Aleksandr Zel'dovich's long-awaited film Moskva (2000) surprised many critics with its subtle yet crucial re-accentuation of Vladimir Sorokin's screenplay published five years prior to the film's release. While following the script almost to the letter, the film transformed what appeared to be Sorokin's trademark pastiche (M. Lipovetskij) into a visually stunning and theoretically intriguing allegorization of the post-Soviet subjectivity and indeed post-Soviet Moscow. The most essential aspect of the film is its reliance on ostentatious exteriority: as Sorokin himself explains in a post-production interview, "we wanted to look at Moscow with a non-human gaze. The gaze of angels, birds, or insects—don't know which... Our heroes are only ghosts to us. These six characters are some phantoms engendered by Moscow. And we don't know who they are in reality. On the outside they look like people, but nobody knows what's inside them." Phantoms, ghosts—and also puppets perhaps, if one recalls Rilke's Engel und Puppe, a fitting slogan for a certain mode of theatrical representation that decenters subjective interiority, splitting it into an ideality and a dead materiality.

Mark Lipovetskij persuasively suggests that Sorokin's screenplay views the political and cultural phantasmagoria of Moscow in the 90s in terms of yet another rebirth of the same old symbols of totalitarian language (Paperny's Kulture I/II binary the critic employs certainly proves a useful tool). However, the film resolutely shifts the focus from the signified and instead presents a melancholy display of signifiers that saves Moscow the multilayered and overdetermined text by declaring it a pure surface. In the final sequence of the film, the remarkably doll-like, autistic character Ol'ga contemplates the flame on the Tomb of the Unknown Soldier. As the final credits roll over an angel's-eye view of strangely unfamiliar Moscow roofs to the sounds of angelic singing, one is left pondering the preceding exchange between Ol'ga and Lev (a remarkably golem-like character):

Ol'ga: And what is an Unknown Soldier?
Lev: It's a soldier who's never been. A memorial.
Ol'ga: And how can there be a memorial to someone who's never been?
Lev: Those who've never been also have the right to a memorial. Perhaps even more so than those who have.

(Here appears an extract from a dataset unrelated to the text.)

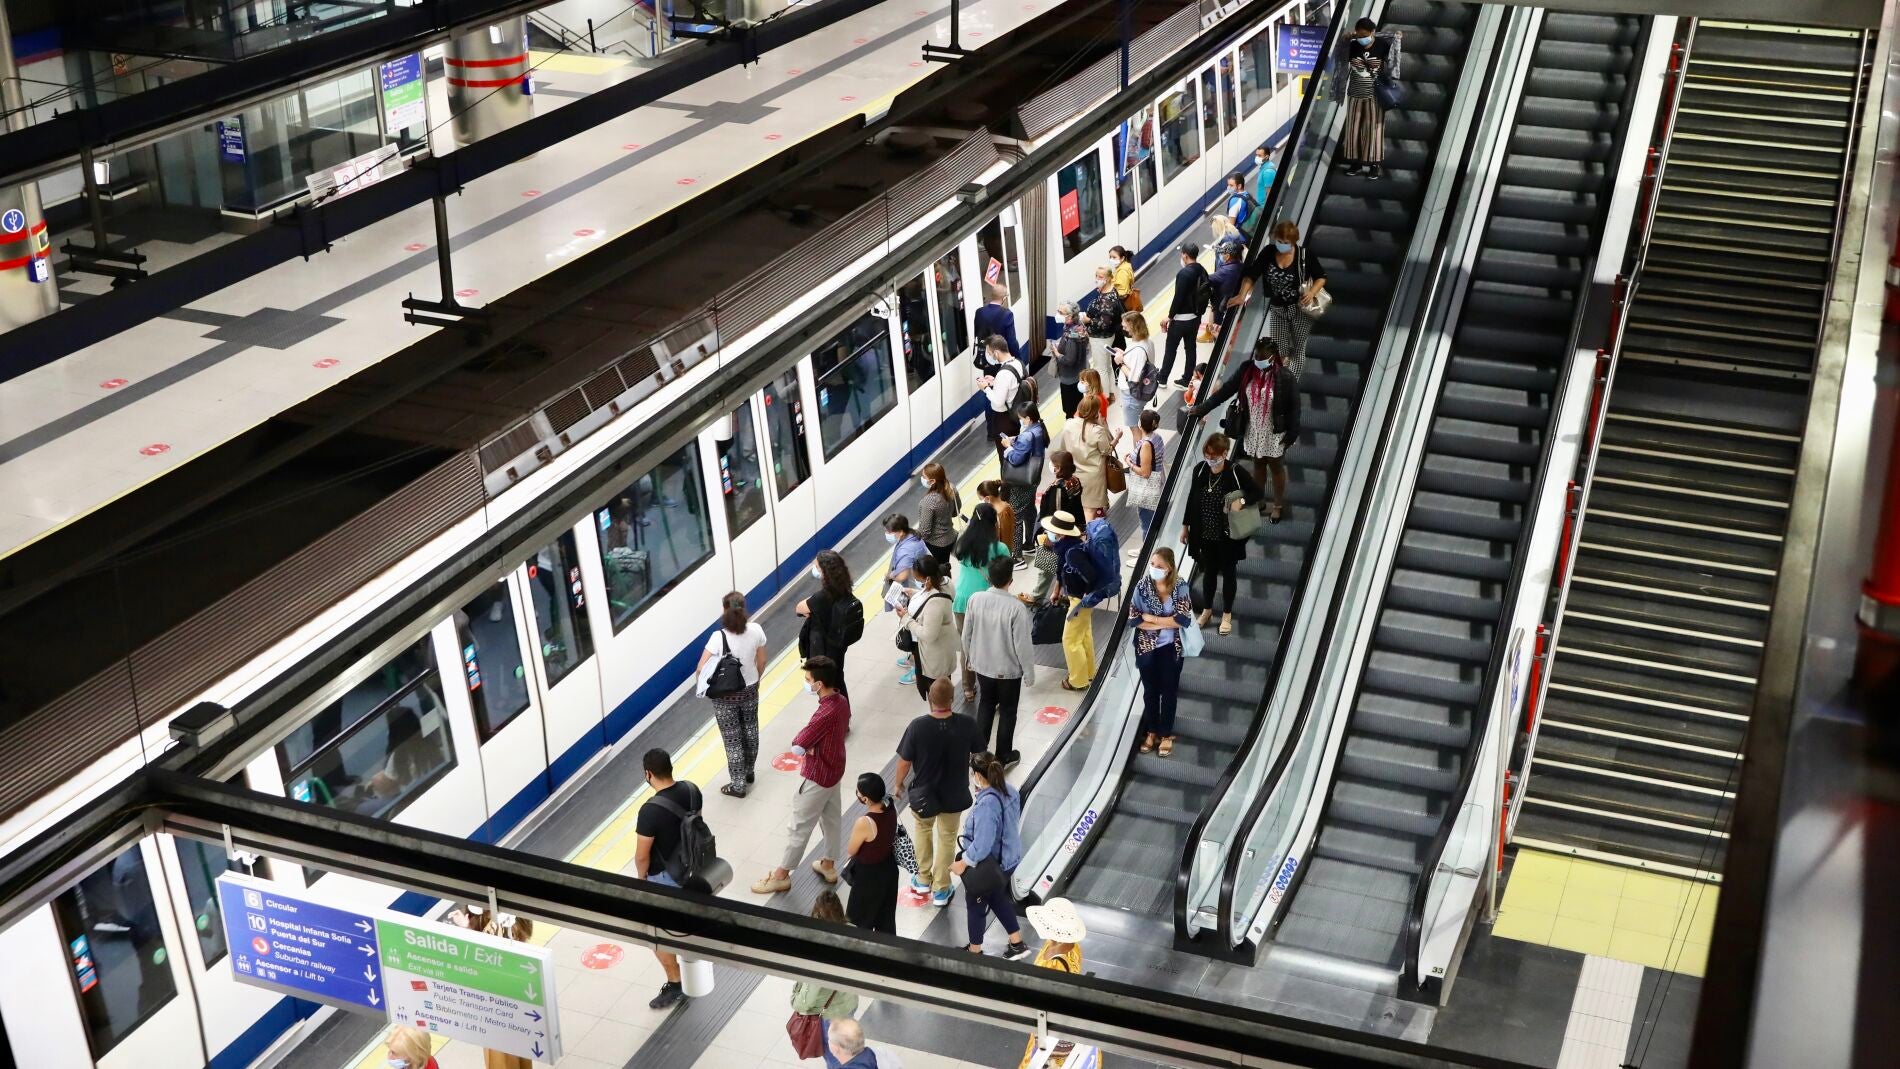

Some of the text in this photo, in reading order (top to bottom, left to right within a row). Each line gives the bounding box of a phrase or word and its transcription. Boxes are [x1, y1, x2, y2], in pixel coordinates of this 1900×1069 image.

This is allegory becoming literal, signifying, in the words of Walter Benjamin's Trauerspiel book, "the not-being of that which it presents." That the turn from the signified to the signifier accomplished here (and throughout) by primarily cinematic means opens up a whole array of issues—such as the film's visual poetics vis-à-vis the screenplay, and whether Zel'dovich finishes what Sorokin's texts always imply but never quite stage. My focus, however, will be on the tenuous relationship between Zel'dovich's theatrical allegories and traumatic memories with which the film is saturated. As the paper will argue, despite its coldness, this is a profoundly anesthetic film (and in Lyotard's terms, profoundly anaesthetic too).